De naakten van Freud zijn onmiddellijk herkenbaar door hun afstotelijkheid. Freud schildert zijn modellen in al hun onvolmaaktheid en voegt er het liefst nog een stuk of wat onvolmaaktheden aan toe. Zijn naaktportretten lijken ontsnapt uit een soort wreedaardig spiegelpaleis, waarin al het lelijke duizendmaal wordt uitvergroot. Zo toont Leigh onder bovenlicht (1994) de in datzelfde jaar overleden vriend van Freud, Leigh Bowery, met grotesk uitpuilende borst en buik. De in de tentoonstelling opgenomen foto van een poserende Bowery laat zien dat het model, hoewel misschien niet een hoogtepunt in het oeuvre van Moeder Natuur, lang niet zo onappetijtelijk was als Freud ons wil doen geloven. Opmerkelijk is bovendien (en dat zou zijn grootvader Sigmund vermoedelijk deugd hebben gedaan) dat Freud behalve de handen ook de penis van Bowery flink uitvergrootte, met een lichte afwijking naar links.

Bij een ander naakt van Freud, Naaktportret op een rode sofa (1989-1991), zien we juist een knokige, jonge vrouw met blauwe aderen die door haar lichte huid heen schijnen. In Freuds handen krijgt het meisje bijna iets mismaakts. En dat geldt voor vrijwel iedere geportretteerde. Zelfs zijn twee toch niet onaantrekkelijke dochters Bella en Esther schildert Freud met een vieze, korrelige huid en wanstaltig grote handen en voeten. Het heeft iets komisch: een portretschilder die zijn modellen dwangmatig lelijker moet maken dan ze zijn, alsof Freud lijdt aan een artistieke variant van Gilles de la Tourette. Meer plausibel is echter dat Freud gewoon een gemankeerde schilder is.

Vernieuwing


Want al vijftig jaar lang maakt Freud steeds opnieuw weer hetzelfde schilderij, met steeds opnieuw dezelfde onbehouden penseelstreken en dezelfde voorliefde voor het uitvergroten van lelijkheid. Het levert intrigerende, soms bijna aandoenlijke kunst op, maar tegelijkertijd bekruipt je de gedachte of Freud die eindeloze stroom naaktportretten zo langzamerhand niet een beetje zat wordt.

Bella and Esther, 1988, olieverf op doek, 73,7 x 88,9 cm., Particuliere collectie, © de kunstenaar
Bella and Esther, 1988, olieverf op doek, 73,7 x 88,9 cm., Particuliere collectie, © de kunstenaar

Aan de andere kant: moet een kunstenaar zich per se blijven vernieuwen?
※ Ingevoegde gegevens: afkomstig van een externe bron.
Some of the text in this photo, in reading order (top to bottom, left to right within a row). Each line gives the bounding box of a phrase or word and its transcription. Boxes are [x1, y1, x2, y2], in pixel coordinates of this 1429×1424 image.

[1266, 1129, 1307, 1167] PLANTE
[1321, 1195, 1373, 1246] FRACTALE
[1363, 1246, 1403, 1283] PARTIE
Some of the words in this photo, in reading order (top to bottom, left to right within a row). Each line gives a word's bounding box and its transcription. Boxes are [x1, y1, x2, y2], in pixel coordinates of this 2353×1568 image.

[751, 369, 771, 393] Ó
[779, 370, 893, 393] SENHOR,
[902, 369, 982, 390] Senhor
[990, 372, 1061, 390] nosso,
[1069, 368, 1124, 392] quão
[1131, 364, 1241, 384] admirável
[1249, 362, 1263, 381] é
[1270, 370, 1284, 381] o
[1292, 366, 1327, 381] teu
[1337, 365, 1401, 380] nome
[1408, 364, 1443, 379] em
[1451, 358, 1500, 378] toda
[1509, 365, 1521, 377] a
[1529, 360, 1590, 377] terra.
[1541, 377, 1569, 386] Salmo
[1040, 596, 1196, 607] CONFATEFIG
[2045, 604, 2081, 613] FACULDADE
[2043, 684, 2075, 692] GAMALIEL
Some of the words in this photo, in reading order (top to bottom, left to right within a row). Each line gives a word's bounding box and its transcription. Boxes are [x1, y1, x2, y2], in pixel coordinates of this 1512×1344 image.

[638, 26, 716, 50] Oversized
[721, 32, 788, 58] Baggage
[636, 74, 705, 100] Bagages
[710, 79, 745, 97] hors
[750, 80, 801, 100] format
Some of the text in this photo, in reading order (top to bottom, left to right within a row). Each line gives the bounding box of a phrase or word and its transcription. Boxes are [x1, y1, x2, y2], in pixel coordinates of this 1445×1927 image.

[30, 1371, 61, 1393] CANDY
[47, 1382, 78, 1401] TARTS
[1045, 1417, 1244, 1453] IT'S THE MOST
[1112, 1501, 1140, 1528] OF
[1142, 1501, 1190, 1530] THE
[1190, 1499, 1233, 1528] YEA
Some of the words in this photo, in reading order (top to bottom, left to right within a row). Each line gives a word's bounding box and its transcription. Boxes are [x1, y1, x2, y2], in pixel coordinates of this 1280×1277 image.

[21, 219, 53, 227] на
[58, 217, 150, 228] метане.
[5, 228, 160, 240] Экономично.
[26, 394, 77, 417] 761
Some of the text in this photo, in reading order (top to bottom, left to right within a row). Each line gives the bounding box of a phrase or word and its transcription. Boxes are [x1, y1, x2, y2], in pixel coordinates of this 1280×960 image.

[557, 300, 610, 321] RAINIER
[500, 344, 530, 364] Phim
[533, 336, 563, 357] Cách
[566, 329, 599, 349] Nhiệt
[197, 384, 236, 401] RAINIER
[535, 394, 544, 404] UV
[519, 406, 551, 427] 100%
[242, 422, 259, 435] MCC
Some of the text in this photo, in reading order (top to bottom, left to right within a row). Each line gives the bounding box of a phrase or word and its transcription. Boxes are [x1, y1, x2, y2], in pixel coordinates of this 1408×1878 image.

Is het noodzakelijk dat een schilder á la Picasso steeds van artistieke huid verwisselt? Nee, dat is het niet. Het enige criterium is dat het werk van de kunstenaar boeiend blijft. En dat is bij de naakten van Freud niet altijd het geval. Daarom ook is het jammer dat het Gemeentemuseum niet meer plek heeft ingeruimd voor zijn veel betere etsen. Want de techniek van het etsen beheerst Freud wél. Waar zijn schilderijen hardnekkig aan de oppervlakte blijven, munten zijn etsen uit in karakter en detail. Gezichten en lijven gaan niet verloren in een massa van vlees en verf, maar komen werkelijk tot leven.